China’s growth slowdown ‘not going to be a disaster’
Davos 2019: Beijing can still ‘leverage a lot’ to expand fiscal policy
Fang Xinghai, vice chairman of China Securities Regulatory Commission, gestures as he speaks during a panel session on the opening day of the World Economic Forum in Davos. Photograph: Jason Alden/Bloomberg
The slowdown in China’s growth rate to levels not seen in almost three decades “is not going to be a disaster,” a senior Chinese official said at the World Economic Forum (WEF) in Davos on Tuesday.
The comments come a day after the International Monetary Fund (IMF) chairwoman Christine Lagarde warned that a sharper slowdown of the world’s second-largest economy is one of the greatest risks facing the globe. The IMF lowered its global economic growth forecasts on Monday for this year and next.

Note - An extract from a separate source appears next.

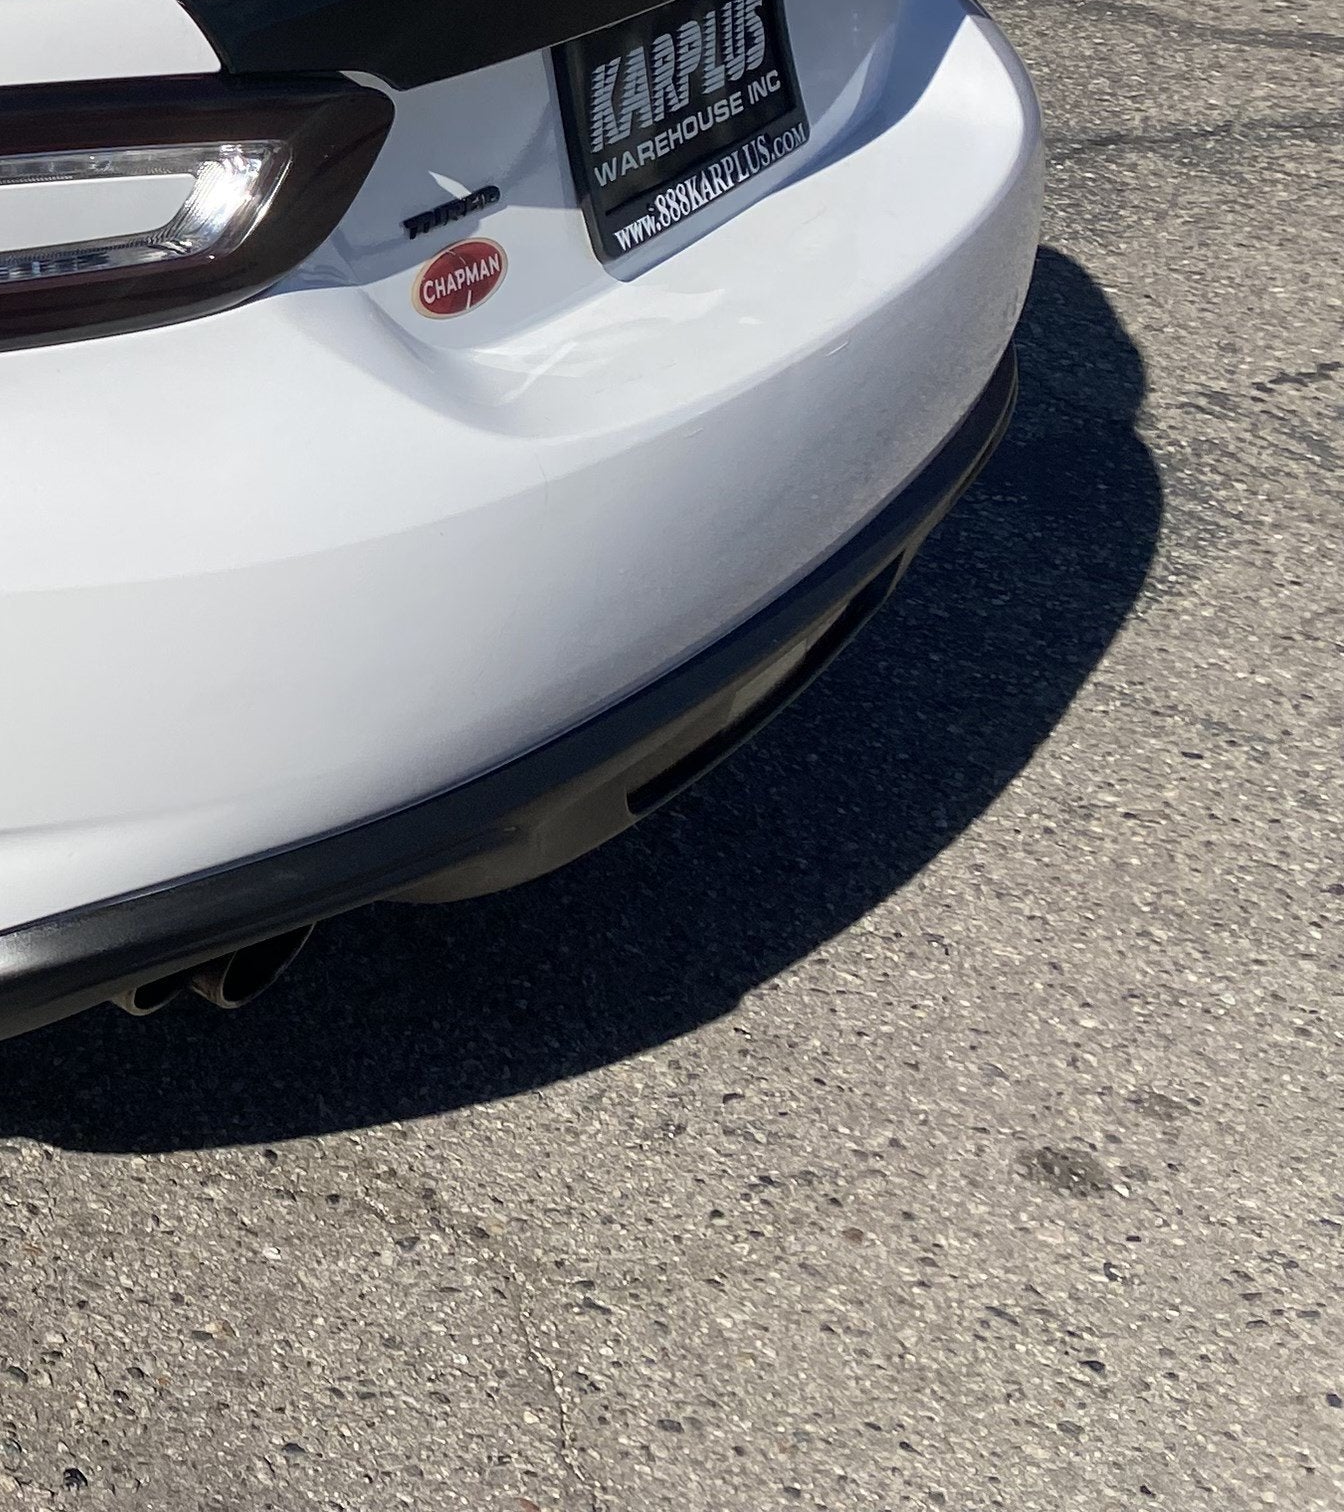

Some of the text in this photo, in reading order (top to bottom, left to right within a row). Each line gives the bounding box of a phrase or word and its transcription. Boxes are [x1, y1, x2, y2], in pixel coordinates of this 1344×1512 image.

[593, 68, 782, 187] WAREHOUSE INC
[422, 253, 501, 305] CHAPMAN

“China is slowing down, but it’s not going to be a disaster,” said Fang Xinghai, vice chairman of the China Securities Regulatory Commission, on a panel on global financial risks, one of the opening sessions of the four-day forum in the Swiss Alpine town. “That’s because of trade, and a slowdown of the real-estate market, which is very much needed. But a slowdown of China is not a collapse.”
Mr Fang said that China’s export figures for December were “not very encouraging”. However, Beijing can still “leverage a lot” to expand fiscal policy support the economy, even if corporates are struggling with debt levels that are too high, he said.
Chinese government officials also have an ability to react quickly – and centrally – to changing financial conditions, he said, noting that the country is “rare” among emerging economies in managing to avert a very significant financial crisis over the past 40 years.
The Chinese economy grew at 6.6 per cent last year, the slowest pace since 1990, amid a trade stand-off between the country and the US, according to figures released on Monday, with rate set to ease further, to about 6 per cent in 2019, according to Mr Xinghai.
Hopes of a Davos breakthrough on the ongoing trade war were dashed last week as US president Donald Trump withdrew a senior White House delegation – including Treasury Secretary Steven Mnuchin, Secretary of State Mike Pompeo and Commerce Secretary Wilbur Ross – from attending the WEF, citing the partial US government shutdown. Earlier in the month, Mr Trump cancelled his own plans to travel to Davos for a second year in a row.